(Stored items from a collection)
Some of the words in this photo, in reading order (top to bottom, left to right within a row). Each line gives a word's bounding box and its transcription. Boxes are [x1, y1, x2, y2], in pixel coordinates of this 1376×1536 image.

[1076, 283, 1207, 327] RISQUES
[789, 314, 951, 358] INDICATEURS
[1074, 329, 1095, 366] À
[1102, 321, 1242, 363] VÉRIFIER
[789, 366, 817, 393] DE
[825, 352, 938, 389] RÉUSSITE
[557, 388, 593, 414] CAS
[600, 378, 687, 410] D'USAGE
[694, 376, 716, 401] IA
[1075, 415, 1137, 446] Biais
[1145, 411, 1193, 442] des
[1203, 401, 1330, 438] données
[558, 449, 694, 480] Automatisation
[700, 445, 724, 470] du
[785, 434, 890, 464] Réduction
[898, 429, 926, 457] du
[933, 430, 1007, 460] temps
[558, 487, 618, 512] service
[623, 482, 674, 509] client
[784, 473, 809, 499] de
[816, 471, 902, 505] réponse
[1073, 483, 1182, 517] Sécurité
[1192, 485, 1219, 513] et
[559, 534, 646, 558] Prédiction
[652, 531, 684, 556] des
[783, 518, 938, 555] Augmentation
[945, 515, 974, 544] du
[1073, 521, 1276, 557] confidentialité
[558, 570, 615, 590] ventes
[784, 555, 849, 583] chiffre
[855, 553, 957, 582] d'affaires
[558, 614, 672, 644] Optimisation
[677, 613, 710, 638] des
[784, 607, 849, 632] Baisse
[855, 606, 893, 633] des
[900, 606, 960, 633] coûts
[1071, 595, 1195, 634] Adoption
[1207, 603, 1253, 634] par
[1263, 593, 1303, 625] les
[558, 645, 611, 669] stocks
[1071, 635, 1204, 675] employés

WHAT IS NEEDED:
Each record above must be restated in full, word for word.

RESPONSE TO THIS TASK:
Some of the words in this photo, in reading order (top to bottom, left to right within a row). Each line gives a word's bounding box and its transcription. Boxes are [x1, y1, x2, y2], in pixel coordinates of this 1376×1536 image.

[1076, 283, 1207, 327] RISQUES
[789, 314, 951, 358] INDICATEURS
[1074, 329, 1095, 366] À
[1102, 321, 1242, 363] VÉRIFIER
[789, 366, 817, 393] DE
[825, 352, 938, 389] RÉUSSITE
[557, 388, 593, 414] CAS
[600, 378, 687, 410] D'USAGE
[694, 376, 716, 401] IA
[1075, 415, 1137, 446] Biais
[1145, 411, 1193, 442] des
[1203, 401, 1330, 438] données
[558, 449, 694, 480] Automatisation
[700, 445, 724, 470] du
[785, 434, 890, 464] Réduction
[898, 429, 926, 457] du
[933, 430, 1007, 460] temps
[558, 487, 618, 512] service
[623, 482, 674, 509] client
[784, 473, 809, 499] de
[816, 471, 902, 505] réponse
[1073, 483, 1182, 517] Sécurité
[1192, 485, 1219, 513] et
[559, 534, 646, 558] Prédiction
[652, 531, 684, 556] des
[783, 518, 938, 555] Augmentation
[945, 515, 974, 544] du
[1073, 521, 1276, 557] confidentialité
[558, 570, 615, 590] ventes
[784, 555, 849, 583] chiffre
[855, 553, 957, 582] d'affaires
[558, 614, 672, 644] Optimisation
[677, 613, 710, 638] des
[784, 607, 849, 632] Baisse
[855, 606, 893, 633] des
[900, 606, 960, 633] coûts
[1071, 595, 1195, 634] Adoption
[1207, 603, 1253, 634] par
[1263, 593, 1303, 625] les
[558, 645, 611, 669] stocks
[1071, 635, 1204, 675] employés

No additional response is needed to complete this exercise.